[Spatial localization data]
——
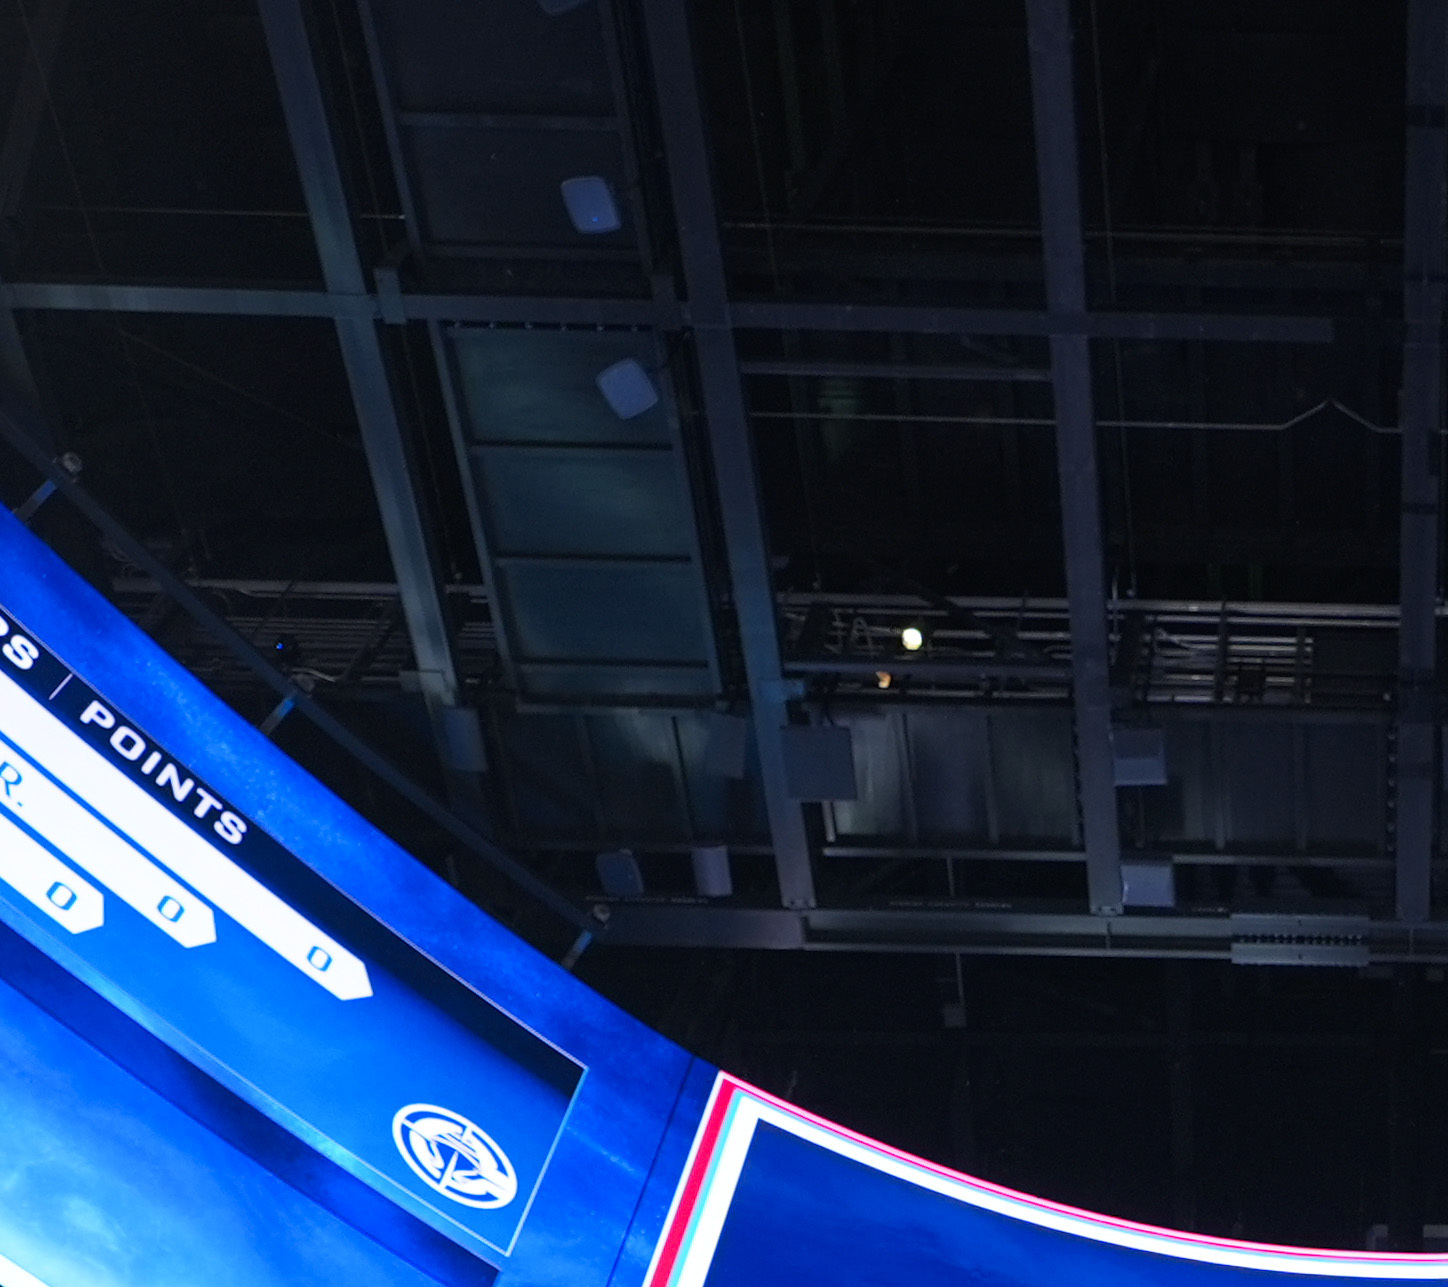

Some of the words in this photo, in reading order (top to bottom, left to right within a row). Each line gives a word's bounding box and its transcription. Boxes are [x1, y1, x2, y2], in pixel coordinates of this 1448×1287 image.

[79, 700, 247, 845] POINTS
[46, 881, 78, 911] 0
[157, 895, 185, 923] 0
[307, 945, 333, 973] 0
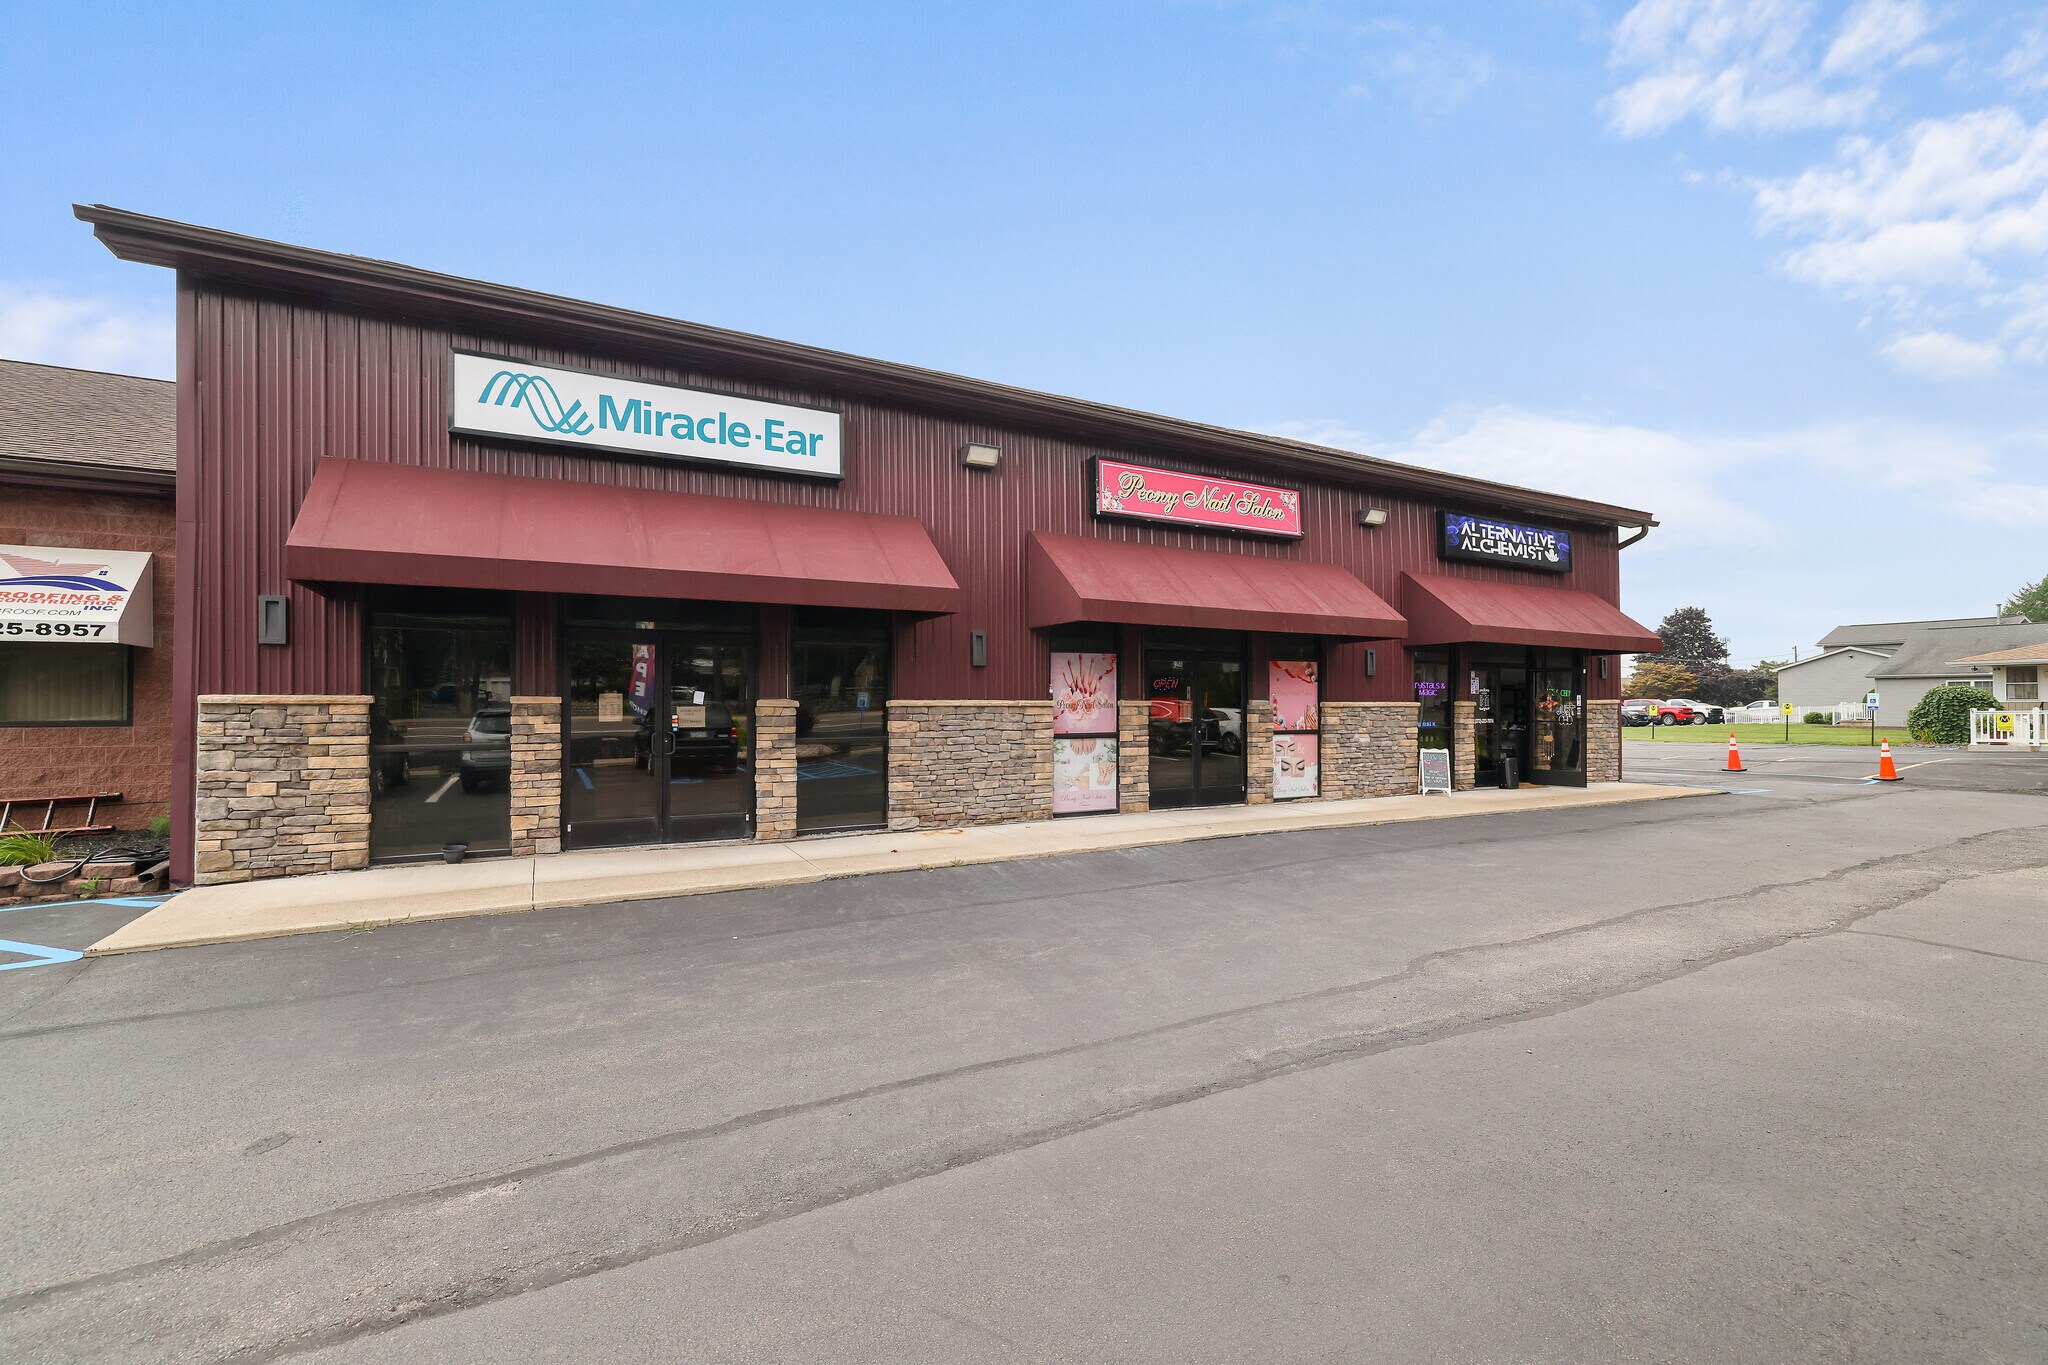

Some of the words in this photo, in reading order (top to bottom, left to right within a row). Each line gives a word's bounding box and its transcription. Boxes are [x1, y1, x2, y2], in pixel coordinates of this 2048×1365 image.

[598, 394, 824, 457] Miracle-Ear
[1118, 471, 1180, 515] Peony
[1182, 484, 1236, 513] Nail
[1235, 490, 1286, 521] Salon
[1461, 522, 1556, 549] ALTERNATIVE
[1461, 536, 1544, 560] ALCHEMIST
[107, 594, 124, 602] &
[0, 607, 82, 616] ROOF.COM
[0, 622, 106, 637] 5-8957
[1153, 678, 1179, 688] OPEN
——
WORK ORDER
Write the records out again exactly; none of the pictures belong in the copy.

RESPONSE AREA
Some of the words in this photo, in reading order (top to bottom, left to right within a row). Each line gives a word's bounding box and its transcription. Boxes are [x1, y1, x2, y2], in pixel coordinates of this 1448×1287 image.

[79, 700, 247, 845] POINTS
[46, 881, 78, 911] 0
[157, 895, 185, 923] 0
[307, 945, 333, 973] 0

Some of the words in this photo, in reading order (top to bottom, left to right within a row). Each line gives a word's bounding box and its transcription. Boxes are [x1, y1, x2, y2], in pixel coordinates of this 2048×1365 image.

[598, 394, 824, 457] Miracle-Ear
[1118, 471, 1180, 515] Peony
[1182, 484, 1236, 513] Nail
[1235, 490, 1286, 521] Salon
[1461, 522, 1556, 549] ALTERNATIVE
[1461, 536, 1544, 560] ALCHEMIST
[107, 594, 124, 602] &
[0, 607, 82, 616] ROOF.COM
[0, 622, 106, 637] 5-8957
[1153, 678, 1179, 688] OPEN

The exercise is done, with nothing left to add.